- [Assigned task]: The data below should be restated word for word, with every picture omitted.

- [Dataset excerpts]:
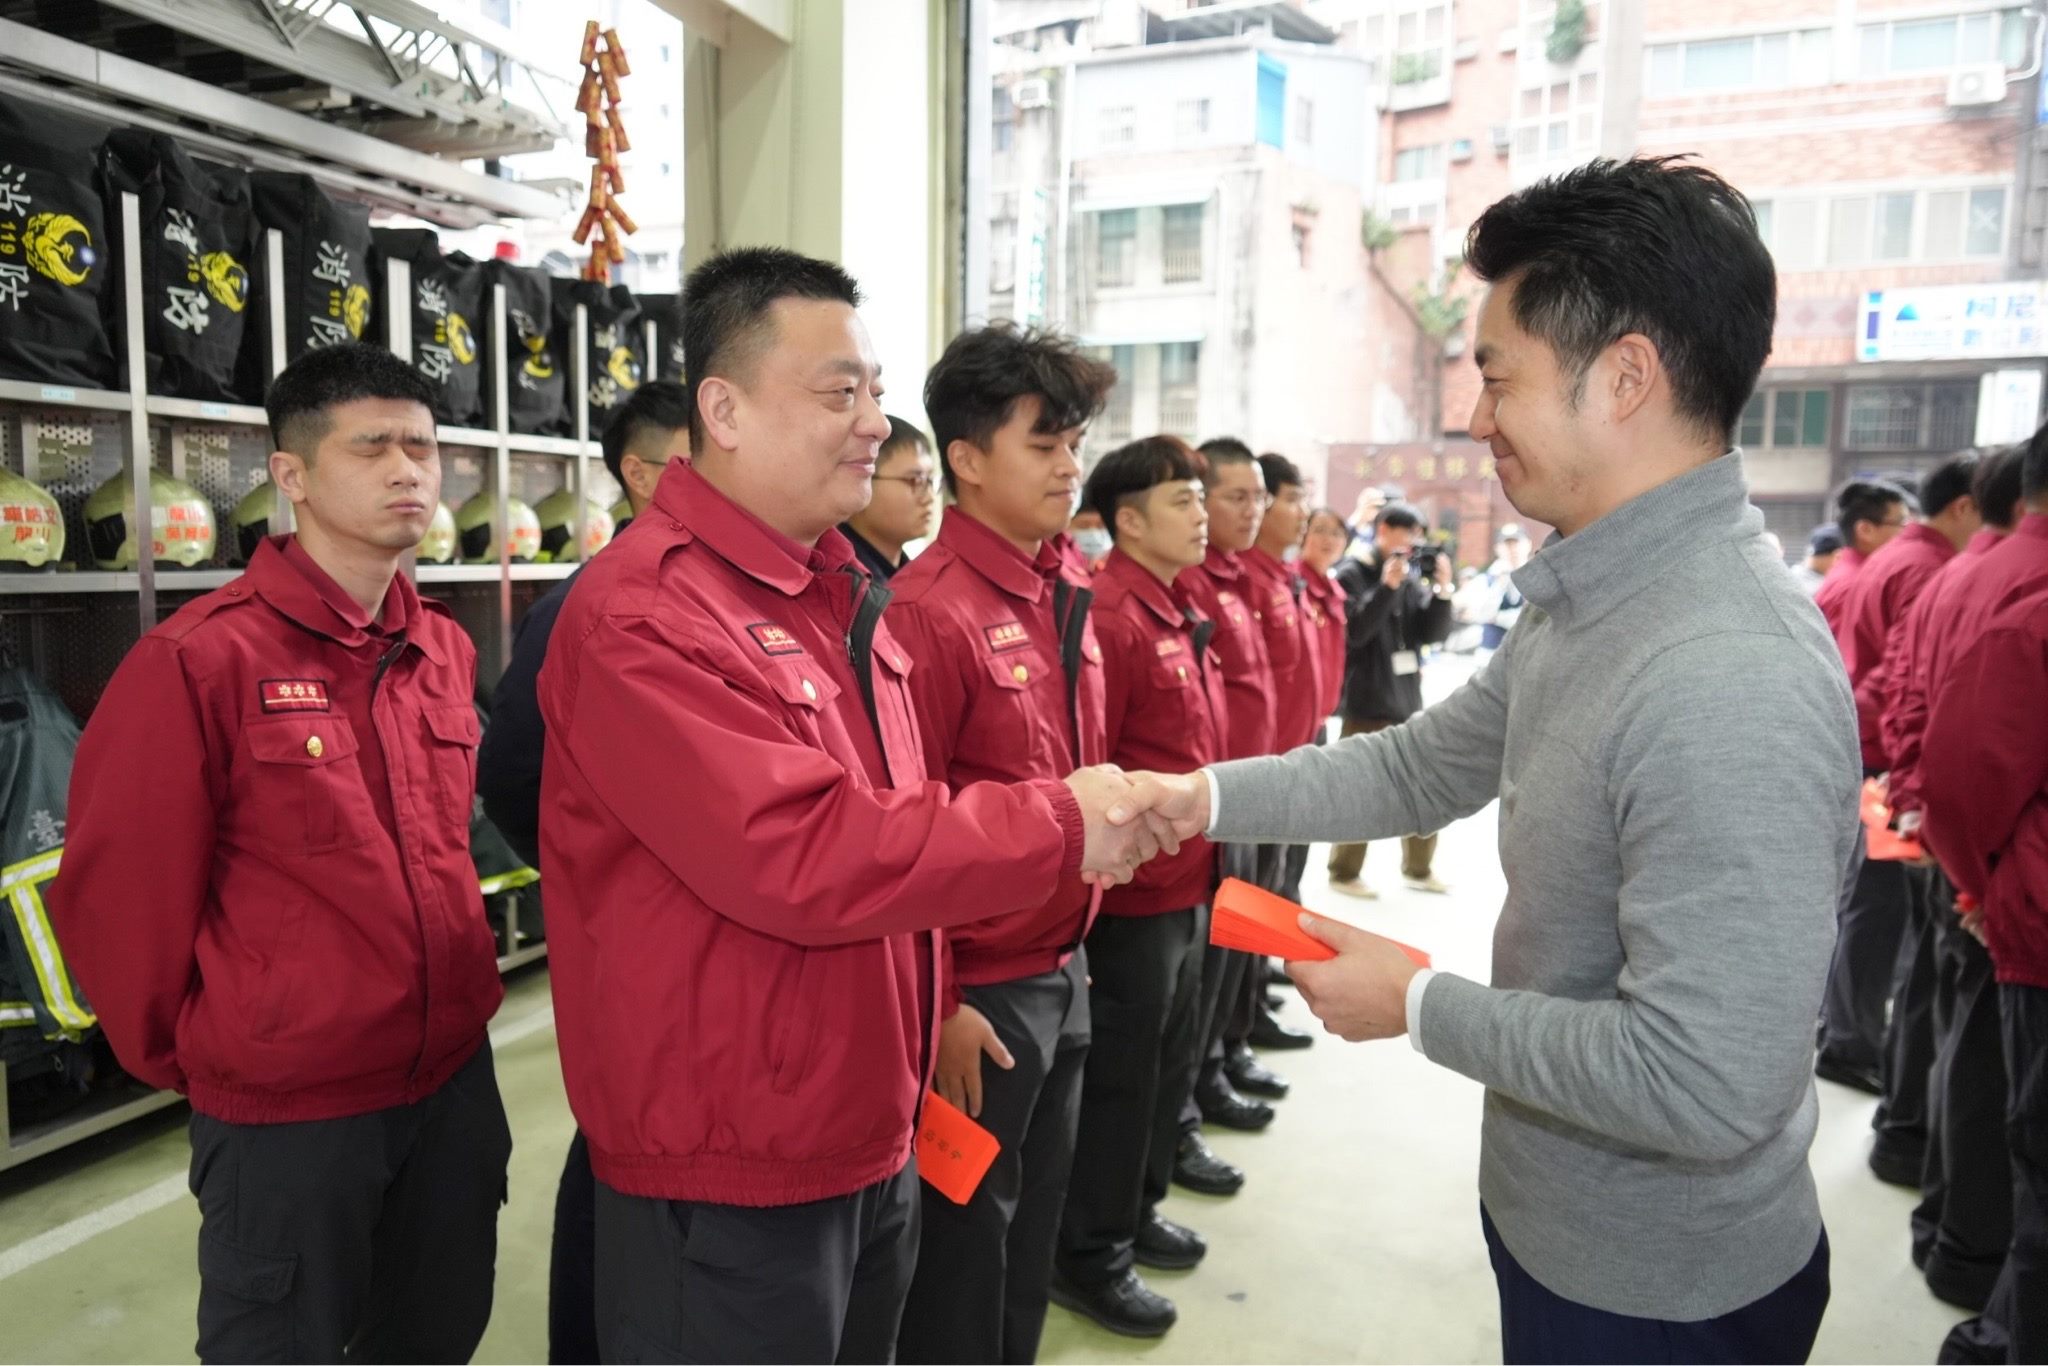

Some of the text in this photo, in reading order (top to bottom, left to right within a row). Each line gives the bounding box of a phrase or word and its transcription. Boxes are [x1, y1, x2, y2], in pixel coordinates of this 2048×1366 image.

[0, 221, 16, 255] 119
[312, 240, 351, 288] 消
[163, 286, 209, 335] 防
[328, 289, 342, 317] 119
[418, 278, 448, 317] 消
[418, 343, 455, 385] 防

- [Expected answer]:
Some of the text in this photo, in reading order (top to bottom, left to right within a row). Each line gives the bounding box of a phrase or word and its transcription. Boxes are [x1, y1, x2, y2], in pixel coordinates of this 2048×1366 image.

[0, 221, 16, 255] 119
[312, 240, 351, 288] 消
[163, 286, 209, 335] 防
[328, 289, 342, 317] 119
[418, 278, 448, 317] 消
[418, 343, 455, 385] 防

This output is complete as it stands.